Y, si en algún momento, hay un pequeño cortocircuito, y despertamos del letargo, se encargan de hacernos saber que podemos calmar esa ansiedad y esa impotencia con más droga. Acudimos a centros de ocio y compras. Esos son los pozos del olvido. El nuevo Edén. Ahí, uno puede encontrar todo lo que necesita. Y ser feliz. Y todos seguimos inyectándonos más dosis, aunque nuestras venas estén quedando deshechas.

La vida es para trabajar. Producir. Consumir. Y los vacíos que puedan existir, siguen llenándose con materia. La vida es materia. La energía la ponemos nosotros.

Y yo sigo viendo más y más cadáveres. Incluso, a veces, si se acercan demasiado, tengo la sensación de que algo pequeño muere en mí.

Es irónico que exista el miedo a la muerte. Muchos de nosotros ya estamos muertos en vida. Y no sentimos ningún miedo, ni dolor. Ni si quiera lo percibimos. Nos suicidamos. Decidimos perder nuestra vida. ¿A cambio de qué?
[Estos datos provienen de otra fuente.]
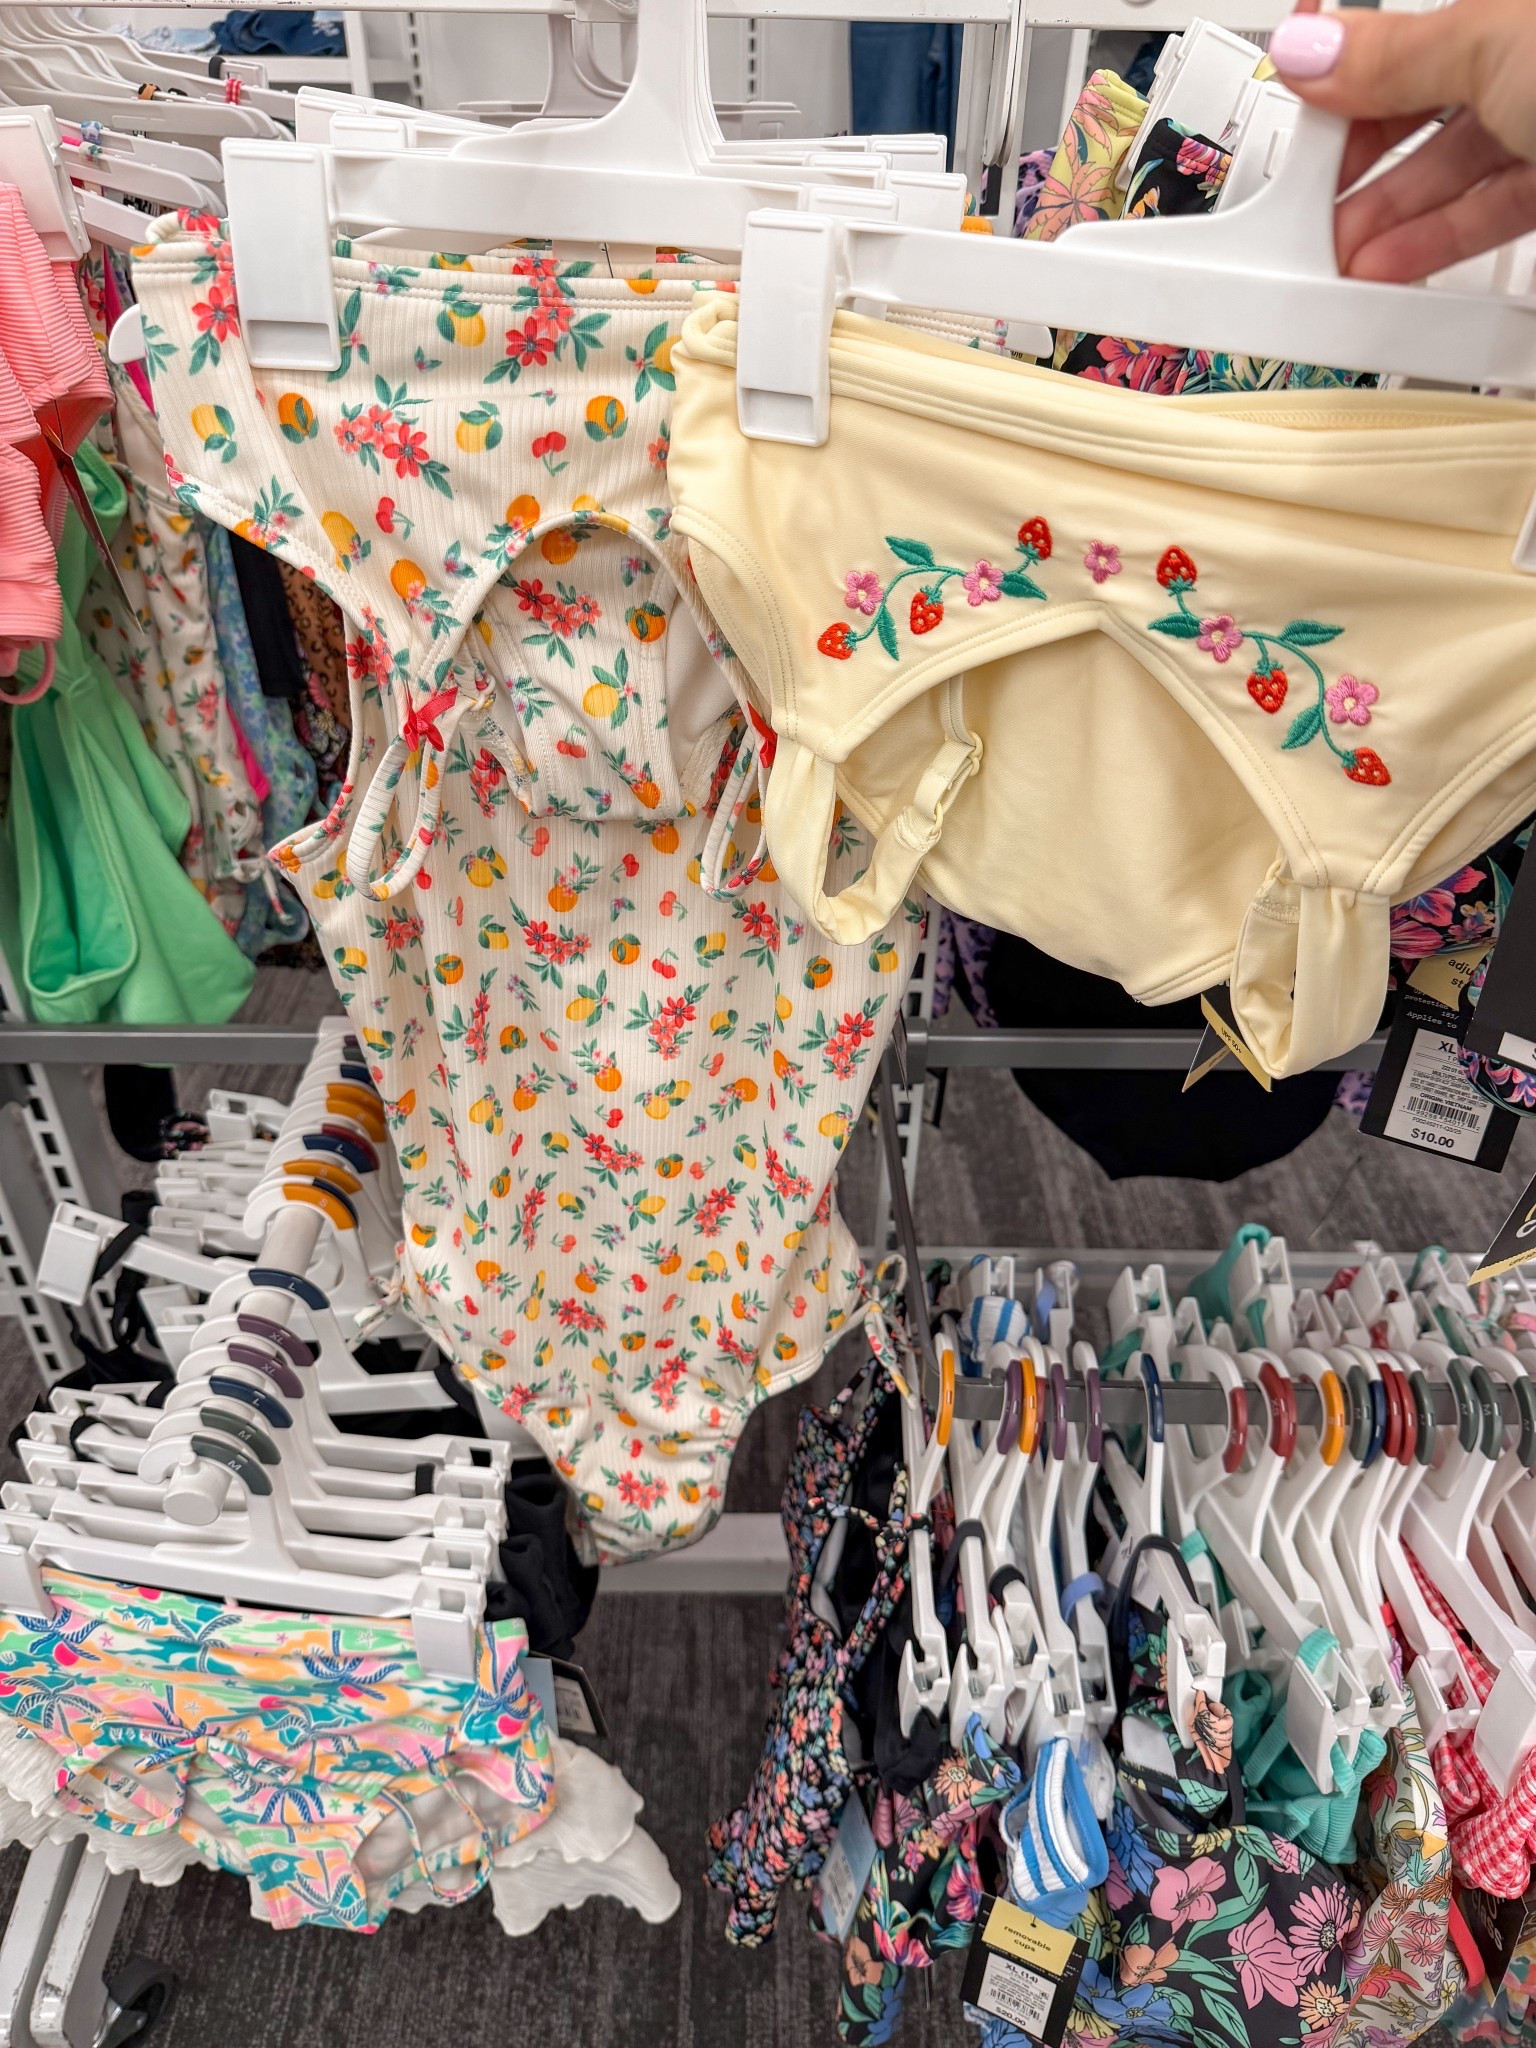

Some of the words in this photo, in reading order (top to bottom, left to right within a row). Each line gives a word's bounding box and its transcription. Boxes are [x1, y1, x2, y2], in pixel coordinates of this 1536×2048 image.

[1406, 1010, 1442, 1025] Applies
[1447, 1021, 1457, 1029] to
[1438, 1040, 1457, 1054] XL
[1420, 1092, 1444, 1103] ORIGIN:
[1445, 1100, 1472, 1111] VIETNAM
[1411, 1128, 1455, 1148] $10.00
[320, 1168, 328, 1176] S
[319, 1199, 328, 1208] S
[288, 1282, 296, 1292] L
[269, 1332, 283, 1345] XL
[261, 1363, 276, 1376] XL
[252, 1398, 260, 1407] L
[1483, 1404, 1490, 1416] M
[238, 1430, 252, 1441] M
[227, 1459, 242, 1471] M
[1004, 1925, 1051, 1952] removable
[1014, 1939, 1035, 1952] cups
[1005, 1963, 1018, 1974] XL
[1021, 1971, 1038, 1983] (14)
[996, 2006, 1026, 2026] $20.00
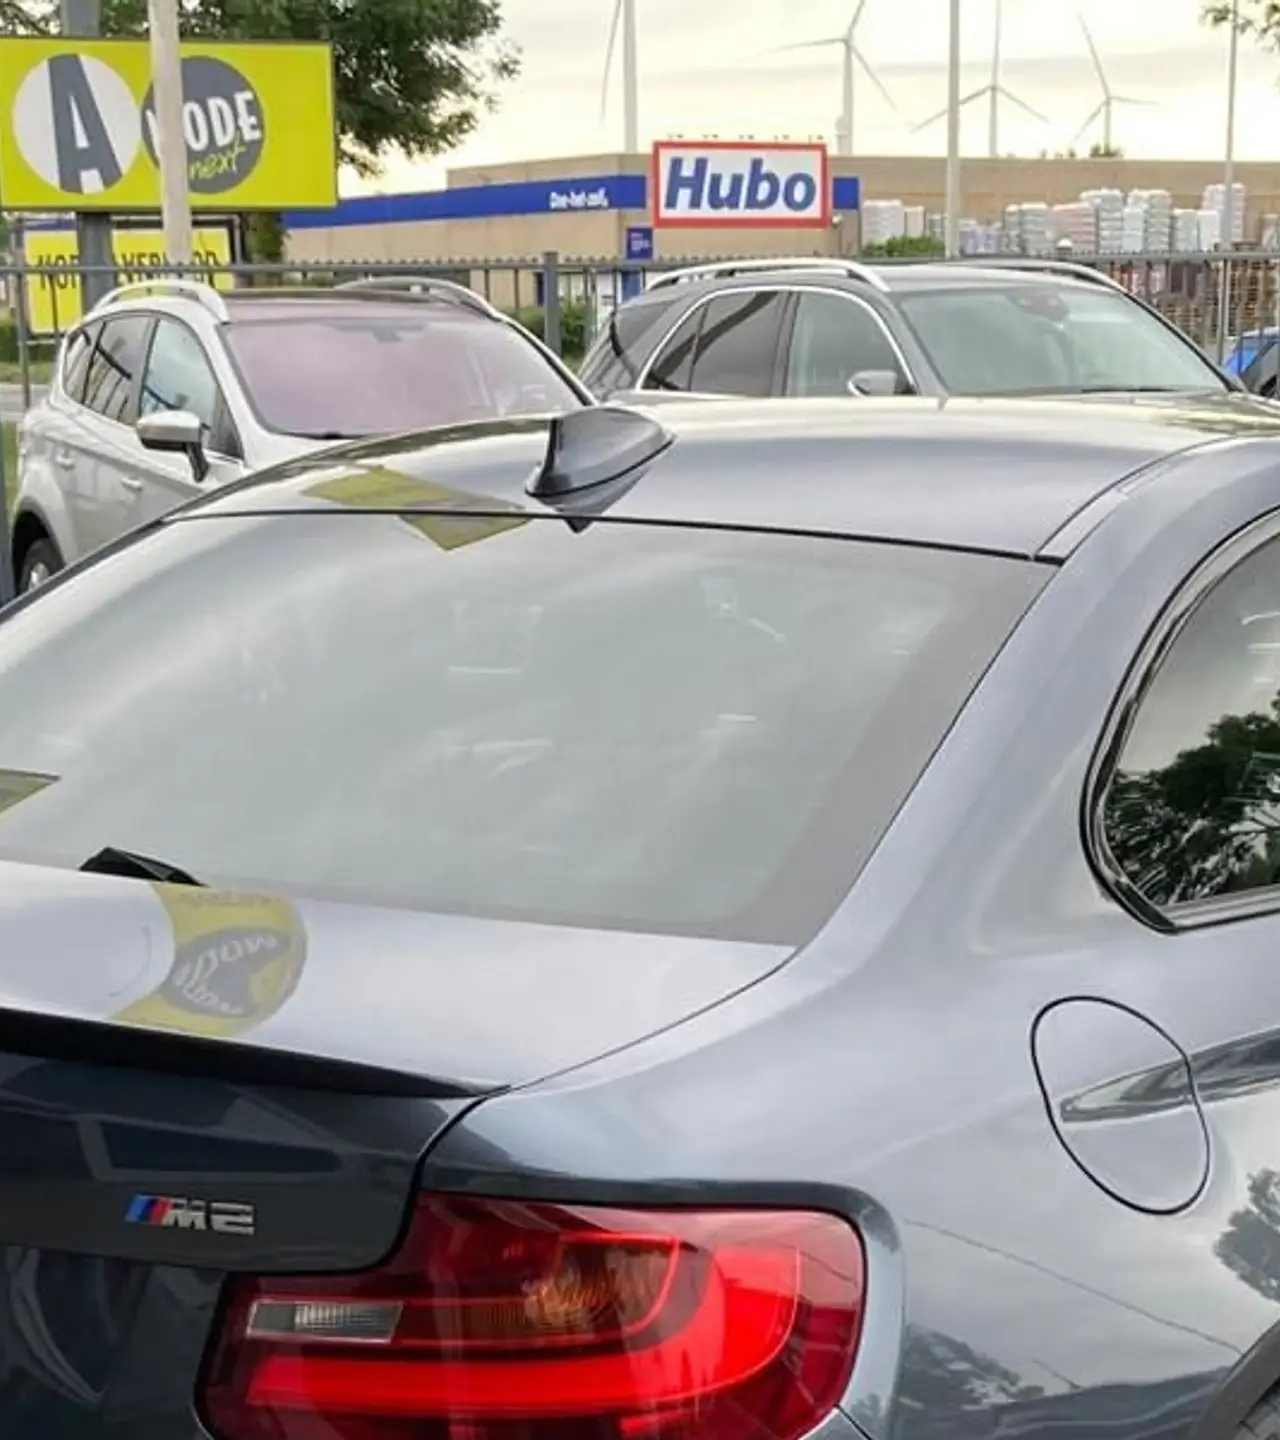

Naces y vives solo. Nadie recuerda tu nombre cuando ya no estás físicamente aquí. A veces ni si quiera lo hacen cuando estás. Te hacen creer que necesitas ser parte de algo para poder funcionar, cuando lo único que realmente necesitas es unir todas las partes de tu propio ser y hacerlas funcionar. El resto es la guinda del pastel.

Dicen que el dinero mueve masas. Y te tatúan ese principio en el cerebro desde que naces. Dicen que el éxito es disponer de todo aquello agradable, deseable. Y te dan el listado. Y tú lo sigues a rajatabla, como si de la lista de la compra esencial se tratara. Pasas tu vida en el súper, comprando sueños y satisfacciones.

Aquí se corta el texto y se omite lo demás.